Residents of Halifax street irked by months of noisy jackhammering

·3 min read

Residents of a normally quiet Halifax street say they've had enough.

For several months, an excavator has been jackhammering at rocks to clear the way for a new house to be built on Armshore Drive near the Armdale Roundabout.

"The noise started around the end of May and we were told in the beginning that it was only going to be about three weeks," said Adriana Dolnyckyj, whose home is about 15 metres from the work site.

"It's been going on for about 10 hours a day. It's just been going on and on and on and there seems like there is no end in sight."

Like many people on the street, Dolnyckyj is working from home during the pandemic.

"It's constant pneumatic jackhammering with an excavator and it's not just the noise that irritates you but it's also the constant vibrations through our house."

Paul Palmeter/CBC
Paul Palmeter/CBC

Adrienne Power's house sits next to the site.

She's had rocks fly up against her house and land on her deck.

After a recent visit from a provincial labour inspector, the contractors at the site built a fence between the properties and attached it to her house.
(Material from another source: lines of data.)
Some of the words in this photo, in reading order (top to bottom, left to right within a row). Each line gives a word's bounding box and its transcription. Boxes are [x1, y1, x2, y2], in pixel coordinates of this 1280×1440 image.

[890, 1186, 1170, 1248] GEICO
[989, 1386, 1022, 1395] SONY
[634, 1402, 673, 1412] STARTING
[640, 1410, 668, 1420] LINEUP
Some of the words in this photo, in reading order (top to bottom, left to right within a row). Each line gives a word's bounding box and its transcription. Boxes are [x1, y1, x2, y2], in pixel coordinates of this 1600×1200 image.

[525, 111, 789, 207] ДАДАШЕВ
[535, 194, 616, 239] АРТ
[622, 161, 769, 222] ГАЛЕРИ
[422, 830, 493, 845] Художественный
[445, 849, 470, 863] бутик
"The fence was put in about a week and a half ago," said Power, who bought her house this summer. "There was some communication on the fence but definitely not about attaching it to the side of my house."
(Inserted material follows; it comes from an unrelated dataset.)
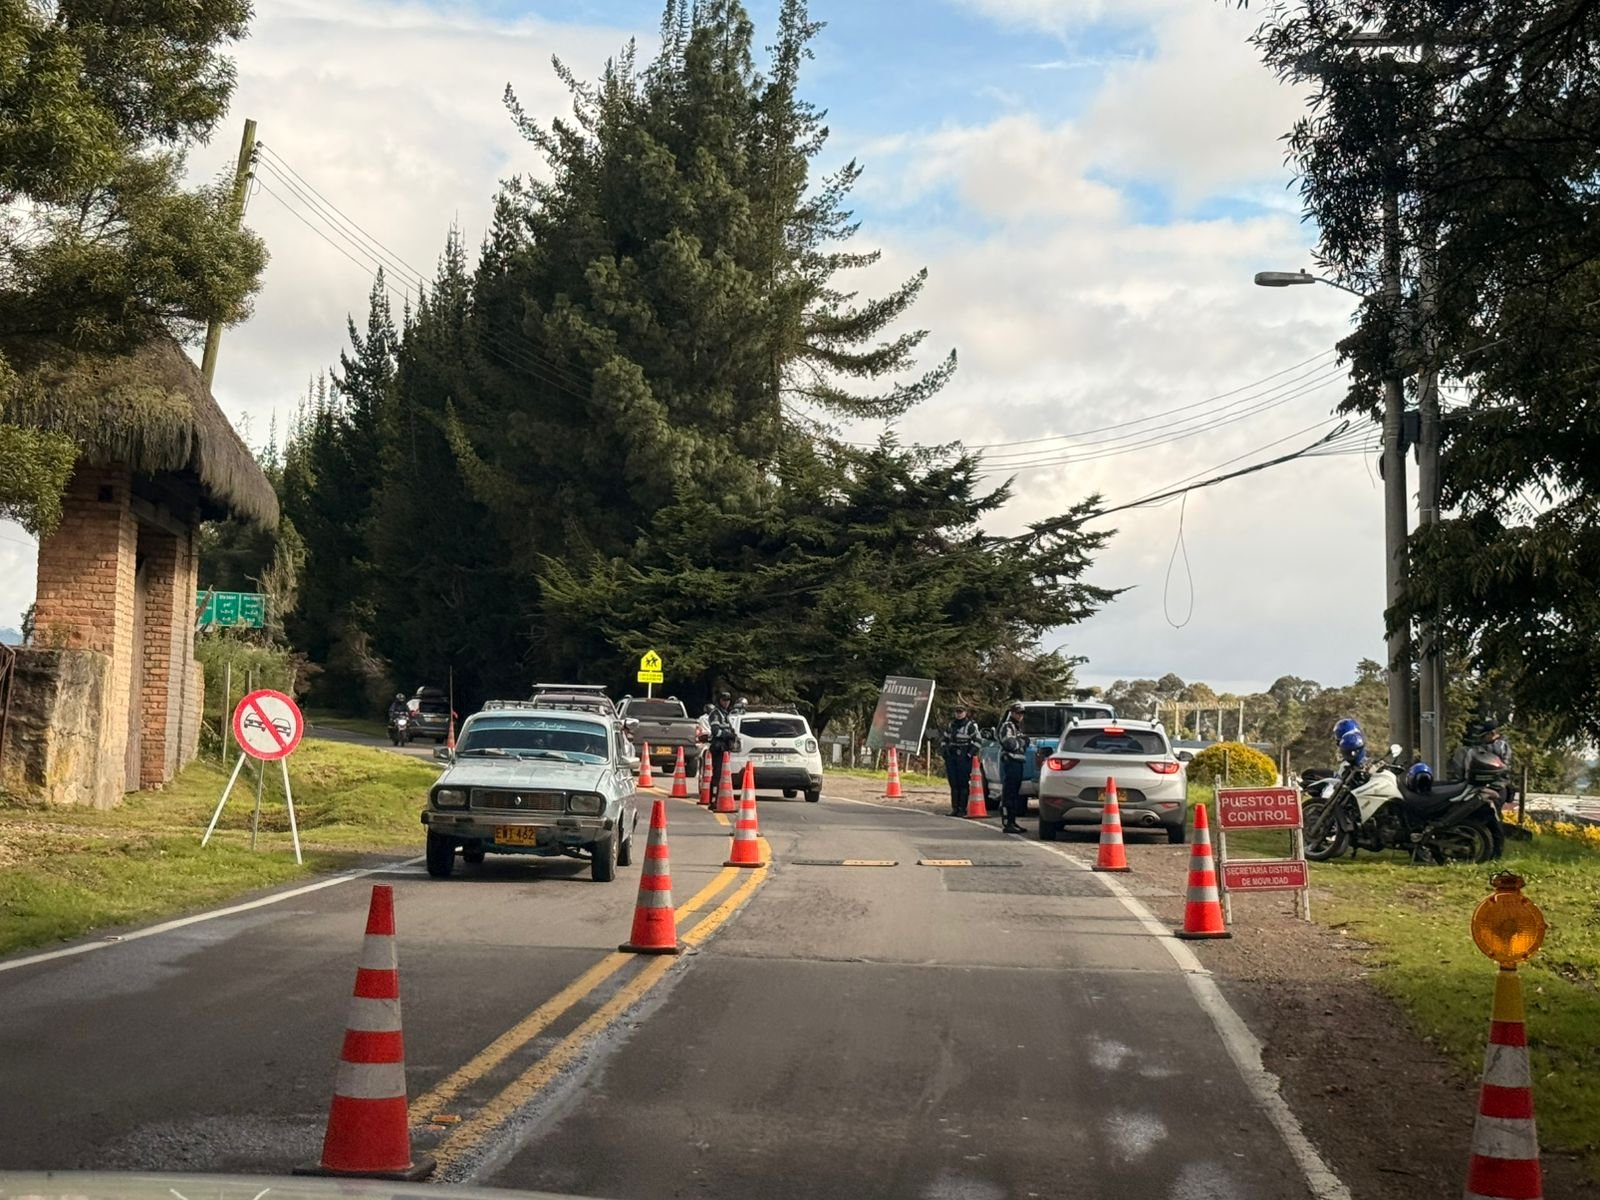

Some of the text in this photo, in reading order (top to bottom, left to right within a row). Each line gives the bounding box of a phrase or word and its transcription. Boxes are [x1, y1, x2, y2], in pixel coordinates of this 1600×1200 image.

Power said she's had enough of the constant noise right outside her door.

Halifax police were called on Remembrance Day when a subcontractor began jackhammering shortly after 7 a.m., two hours earlier than when they were allowed to start that day.

Viking Ventures, the company that will eventually build a house on the property, say its subcontractors have abided by HRM noise bylaws except for that one day.

Mike MacArthur, owner of Viking Ventures, says the amount of rock at the site was unexpected.

Power and Dolnyckyj were surprised to find the company didn't need any permits to begin working on the site.

"We were told it's considered landscaping," said Power. "Everything that is being done here does not require any kind of building permit."

Power said she has called the municipality several times to complain but the jackhammering drags on.

CBC
CBC

The HRM councillor for the area has also heard the residents complaints.

"Until they actually start pouring their footings and foundation they don't need any permit," said Shawn Cleary, who represents Halifax West Armdale. "Site prep is considered landscaping and this is a gap in the construction and noise bylaws because really this kind of thing shouldn't be going on for as long as it has."

Cleary said he plans to propose changes so residents won't have to deal with long-term noise while a home site is being prepared.

Part of the problem is the excavator at the site isn't big enough to deal with the thick rock in a timely fashion.

Paul Palmeter/CBC
Paul Palmeter/CBC

Armshore Drive is a short, dead-end street connected to Herring Cove Road by a small bridge over a brook. Bigger machines can not pass over the bridge.

"We just want to make sure that somebody is paying attention," said Dolnyckyj. "We understand there are extenuating circumstances and nobody could have predicted something like this but it's happening and we want to know what we can do about it so it doesn't happen to somebody else."

Patience is running thin for the residents who live near the work site.

The home builder said the end of the jackhammering is in sight but couldn't say when it will end.